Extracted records
*** Begin section ***
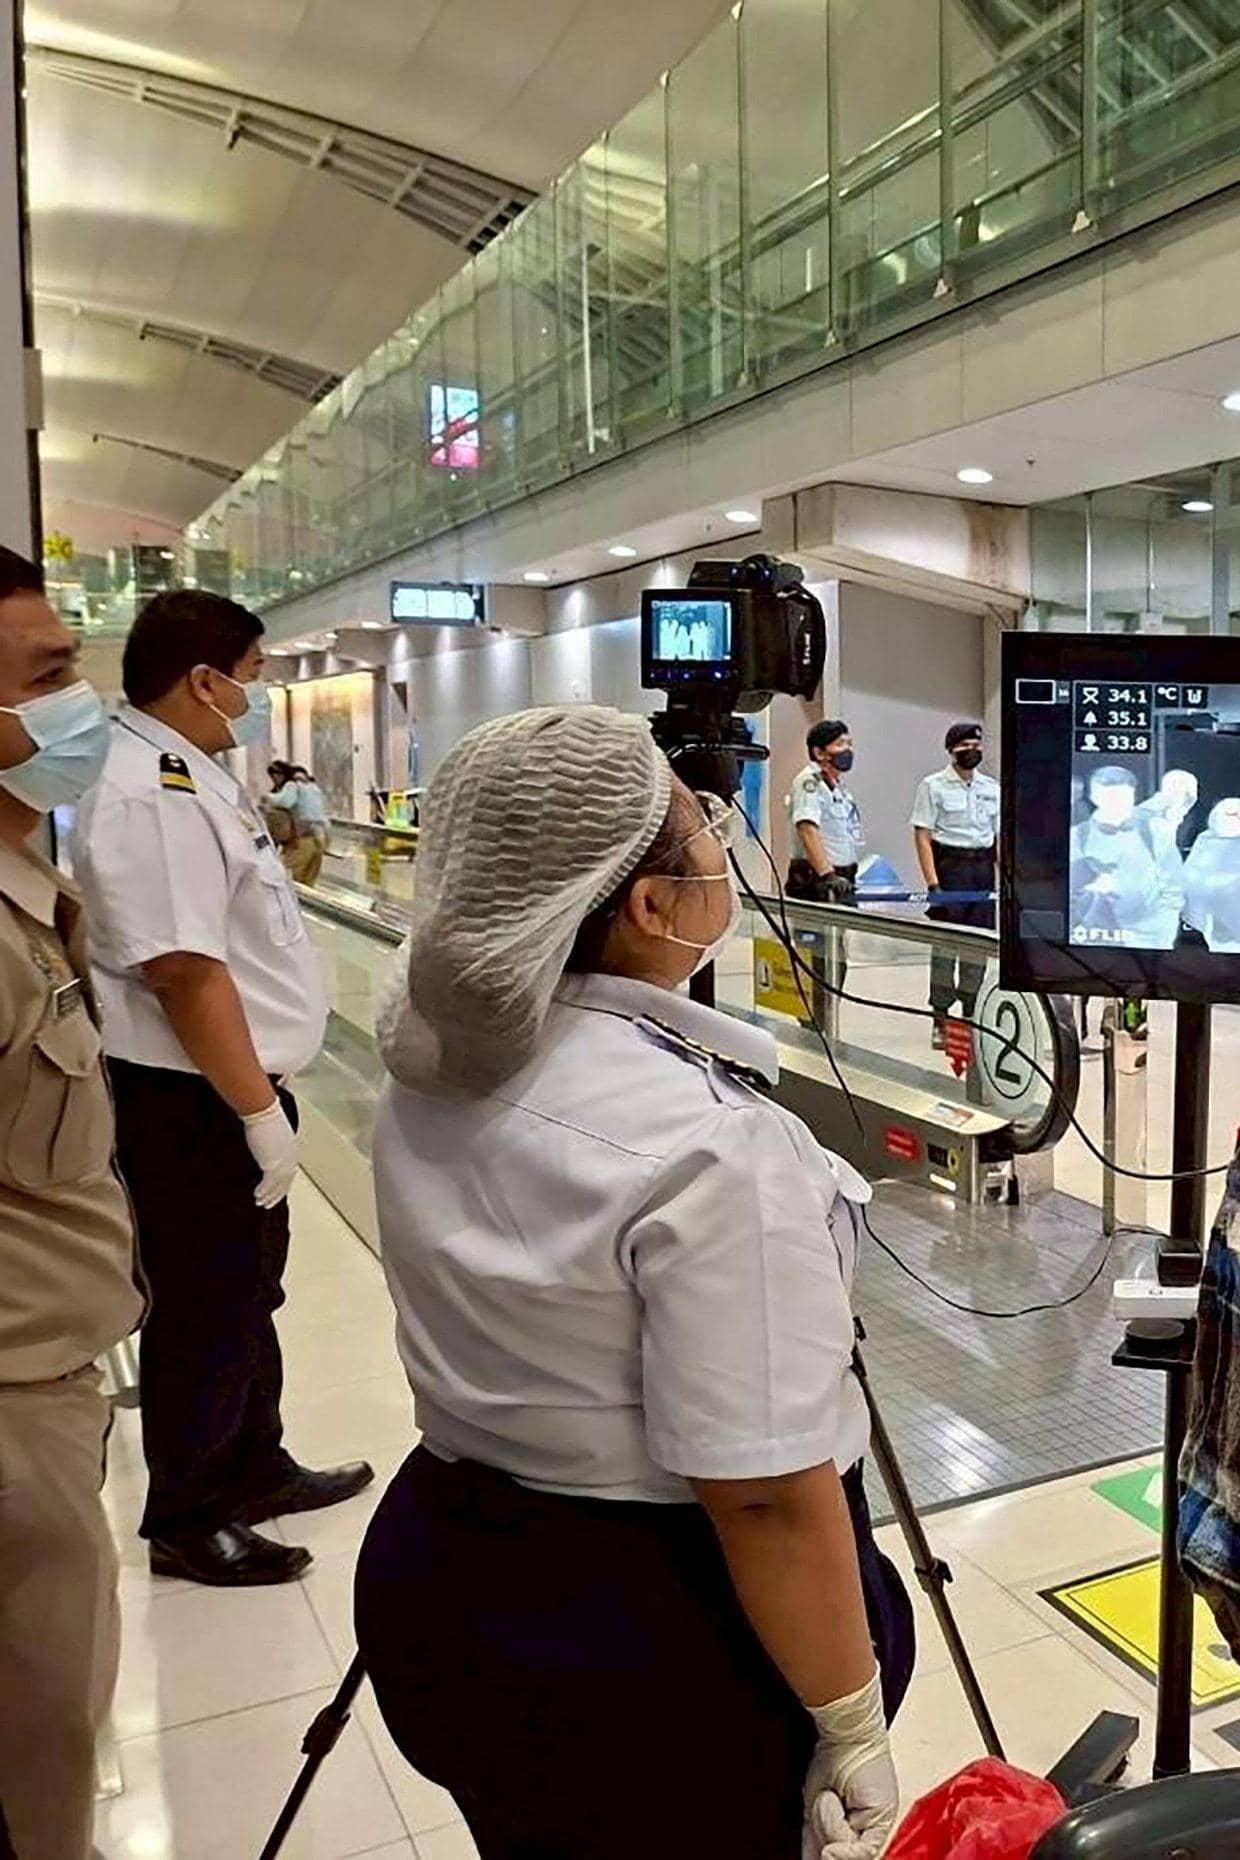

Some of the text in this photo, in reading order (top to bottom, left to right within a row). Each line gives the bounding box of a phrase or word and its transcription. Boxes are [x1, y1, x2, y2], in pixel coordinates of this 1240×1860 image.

[1108, 688, 1147, 704] 34.1
[1107, 711, 1147, 726] 35.1
[1107, 735, 1148, 751] 33.8
[995, 1001, 1021, 1085] 2
*** End section ***
To do
Write the records above out again exactly, with no pictures in your copy.

Finished exercise
Some of the text in this photo, in reading order (top to bottom, left to right within a row). Each line gives the bounding box of a phrase or word and its transcription. Boxes are [x1, y1, x2, y2], in pixel coordinates of this 1240×1860 image.

[1108, 688, 1147, 704] 34.1
[1107, 711, 1147, 726] 35.1
[1107, 735, 1148, 751] 33.8
[995, 1001, 1021, 1085] 2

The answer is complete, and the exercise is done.